When we minimise our pain or seek others to define it, we silence our own truth, and delay the healing that begins with self-validation.
Have you ever caught yourself thinking, “It wasn’t that bad,” or telling yourself, “Others have had it worse”? While these thoughts may seem like a way to gain perspective, they often become a subtle form of emotional invalidation. It is a way of shutting down your own experience before it has a chance to be felt, acknowledged, and healed.
At Resplora, we often meet people who have carried silent pain for years, believing it wasn’t serious enough to matter. But healing doesn’t begin with comparison. It begins with permission.
The trap of emotional comparison
It’s human to compare. But when you compare your trauma or distress to someone else’s and conclude that yours is less valid, you begin to disconnect from your own emotional truth.
Phrases like “It wasn’t that bad” or “Others went through worse” send a clear message to your nervous system: “What I feel isn’t worth attention.” This can lead to cycles of shame, emotional withdrawal, and internal conflict.
Suffering is not a competition. Your feelings are not measured by how they stack up against someone else’s. They are measured by the impact they had, and still have, on you.
The effects of emotional invalidation on your wellbeing
Emotional invalidation occurs when your feelings are dismissed, minimised, or judged, whether by others or by yourself. Perhaps growing up, you were told you were “too sensitive” or encouraged to “move on quickly.” These messages don’t just affect the mind. They shape the body’s response to emotion and safety.
Over time, emotional invalidation can:
- Increase anxiety, self-doubt, and emotional numbness
- Damage trust in your own perception and intuition
- Make it harder to seek help or believe you deserve support
What hurt you matters, even if others don’t see it, even if it didn’t leave a scar. Your pain is real. It deserves care.
Seeking external validation
When we struggle to trust our own feelings, we may look to others to define our story. Questions like, “Do you think that was abuse?” or “Was that neglect?” come from a longing to be told, “Yes, what you felt was valid.”
While connection is essential, no one else can tell you how your body and emotions were impacted. Validation is powerful. When it comes from within, it transforms.
At Resplora, we help you rebuild trust in your own experience through trauma-informed practice and body-centred practices that gently reconnect you to your internal wisdom.
Every story matters
The severity of an event doesn’t define whether it’s traumatic. The impact does. Two people may go through the same event, and one feels safe while the other carries deep emotional pain. Neither reaction is wrong.
Your age, history, resilience, and environment all influence how experiences affect you. Integrated healing means honouring your unique story, not minimising it.
Giving your emotions space is not self-indulgent. It is self-respecting.
How to start validating your pain
- Practise self-compassion: Speak to yourself the way you would speak to someone you love. With softness, patience, and honesty.
- Challenge comparison thinking: If you hear yourself say, “It wasn’t that bad,” pause and ask: “What if it was?”

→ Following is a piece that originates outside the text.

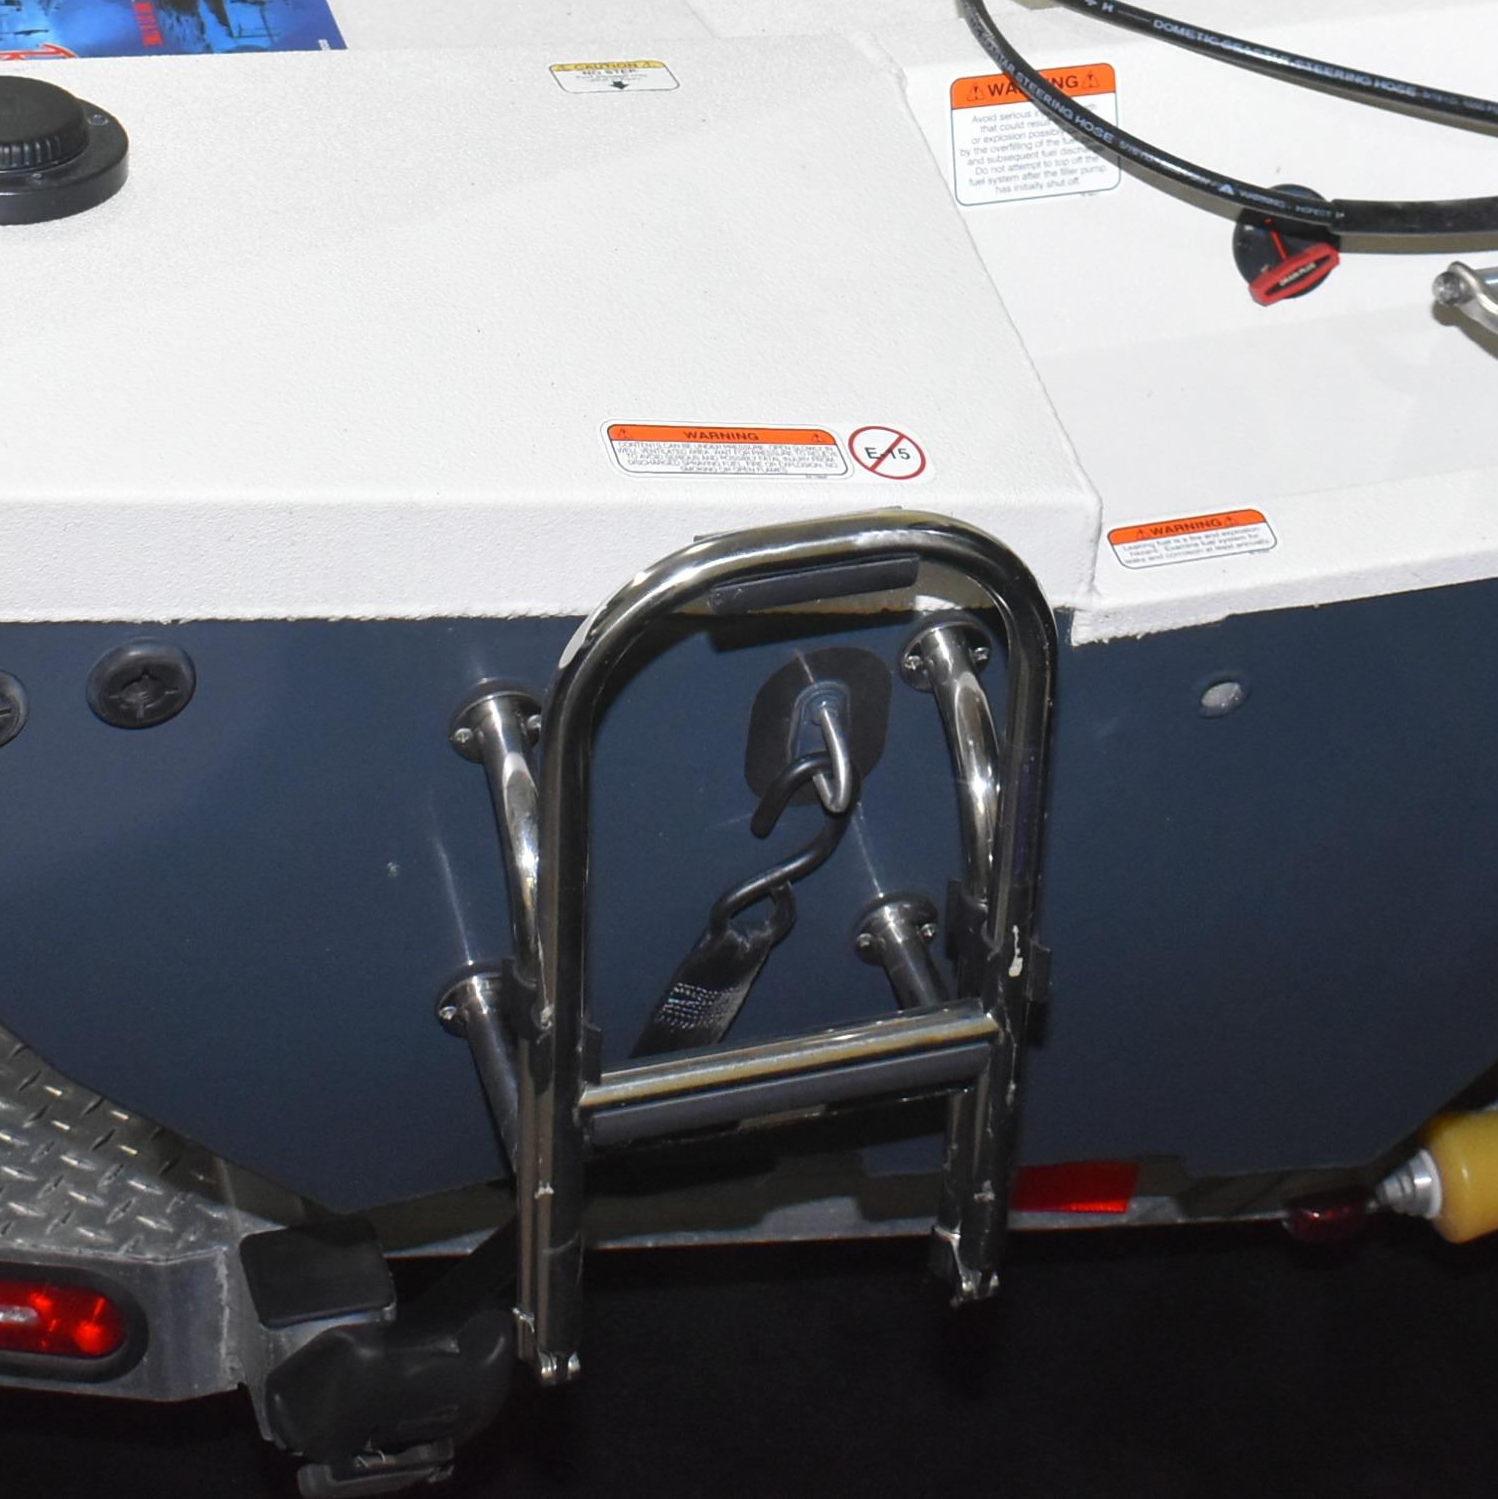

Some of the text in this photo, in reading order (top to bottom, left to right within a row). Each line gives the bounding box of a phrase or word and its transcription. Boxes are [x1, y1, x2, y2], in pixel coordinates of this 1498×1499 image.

- Reclaim your emotional truth: Your feelings are real. They don’t need external approval to matter.
- Create safety to feel: Through body-centred practices, somatic therapy, and supportive spaces, you can begin to feel what once felt too hard to hold.
Conclusion
You don’t need anyone’s permission to feel what you feel. You don’t need to compare your pain to justify your healing.
At Resplora, our work is rooted in the belief that healing begins with gentle attention to what’s true for you. We invite you to meet our therapists, and explore what it means to reconnect with yourself. Not by fixing, but by listening.
Because your pain is valid. Your story is enough. Your healing matters.